The incentive approach implemented through FCHVs did not identify any VL, PKDL, leprosy, malaria, and tuberculosis cases. By contrast, in Bihar, India, the accredited social health activists were able to refer 27% of the VL cases after one training session and 46% after two training sessions.21,22 This difference could be due to very low VL caseload in these villages in Nepal (these villages had had no recent VL case) and the need for repeated training of FCHVs.
Although both approaches were applied in the same district, the characteristics of the villages were different. The villages with VL cases had also higher prevalence rates of other tropical diseases and fever in general; those with low endemicity for VL also had much fewer cases of fever and none of the tropical diseases being looked for. It was unexpected to find significantly more febrile cases during the house-to-house screening in camp approach villages than in the incentive approach villages. While the different timing of the two surveys (they were 1 year apart) or increased awareness of fever in the communities which had had recent VL cases could offer potential explanations, such large difference in the point prevalence of febrile cases between the two areas deserves further investigation.
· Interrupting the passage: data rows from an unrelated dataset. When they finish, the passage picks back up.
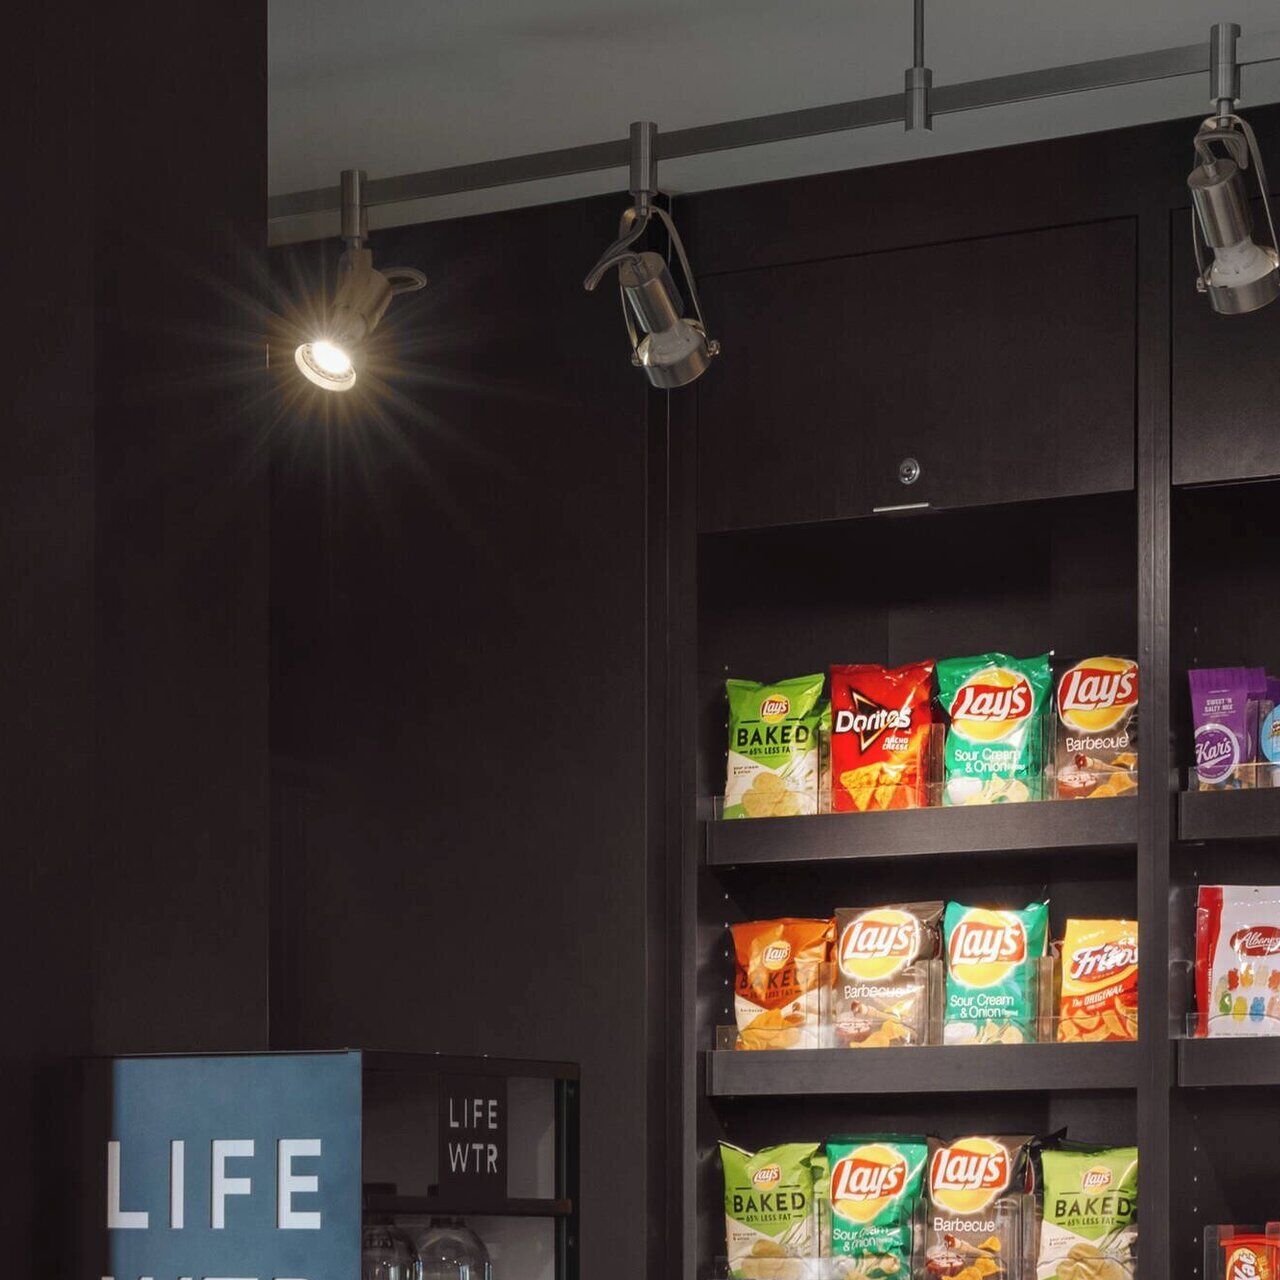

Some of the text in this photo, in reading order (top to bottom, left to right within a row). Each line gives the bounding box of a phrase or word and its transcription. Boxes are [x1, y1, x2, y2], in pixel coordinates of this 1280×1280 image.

[1064, 667, 1136, 710] Lay's
[953, 685, 1028, 720] Lay's
[835, 707, 911, 733] Doritos
[737, 726, 809, 746] BAKED
[1066, 735, 1128, 752] Barbecue
[954, 750, 978, 761] Sour
[966, 762, 972, 772] &
[974, 760, 1006, 772] Onion
[844, 922, 913, 959] Lay's
[952, 924, 1020, 965] Lay's
[950, 994, 1014, 1006] Sour Cream
[960, 1008, 967, 1018] &
[969, 1006, 1002, 1018] Onion
[450, 1098, 498, 1129] LIFE
[448, 1143, 498, 1174] WTR
[835, 1161, 903, 1200] Lay's
[934, 1150, 1004, 1190] Lay's
[107, 1138, 321, 1229] LIFE
[733, 1192, 806, 1213] BAKED
[1055, 1197, 1131, 1218] BAKED
[760, 1214, 776, 1222] LESS
[779, 1213, 791, 1221] FAT
[934, 1218, 995, 1232] Barbecue
[833, 1228, 857, 1240] Sour
[843, 1242, 850, 1251] &
Among the vector control interventions, insecticidal wall paint was effective for upto 12 months after intervention on sandfly density and mortality. By contrast, IRS, even in study conditions, was effective in the first month, but its efficacy waned thereafter both on density and mortality. Bednet impregnation with slow-release insecticide reduced density for the first month and had an effect on mortality for 9 months. The spatial effect of the intervention seems to be crucial to ensure the efficacy of bed net intervention, because bednet impregnation was carried out only in some target houses, and thus, the community effect was lost. Painting of walls with insecticidal paint can therefore become a valuable and sustainable intervention for VL vector control during the maintenance phase of the VL elimination program as its effect lasts longer and is less technically challenging than IRS. It can be combined with other vector control measures (e.g. impregnated bednets), and lends itself to local development for instance through innovative models of social entrepreneurship.
We have now started the economic analysis of the different interventions and their effects, and they can be optimally integrated to produce a durable elimination of VL in Nepal.
Conclusion
In the maintenance phase of the VL elimination, the combined camp approach offers the dual advantage of being suitable for detecting new cases at an early stage as well as providing a common platform for febrile illnesses at large, hence, being cost-effective and more sustainable. Insecticidal paint can be a valuable alternative to IRS for vector control particularly for the VL post-elimination phase in Nepal.
Acknowledgments:
We would like to acknowledge Epidemiology and Disease Control Division Department of Health Services, District Public Health Office Saptari, Sagarmatha Zonal Hospital for their support to the study. Thanks also go to Primary Health Care Centers and Health Posts, Female Community Health Volunteers for their active participation in conducting the camps and vector control interventions. We acknowledge the household heads and participants of the study area.
Disclaimer: P. O. is a staff member of the WHO. The authors alone are responsible for the content and opinions expressed in the paper, which may not reflect the opinions and policies of the WHO.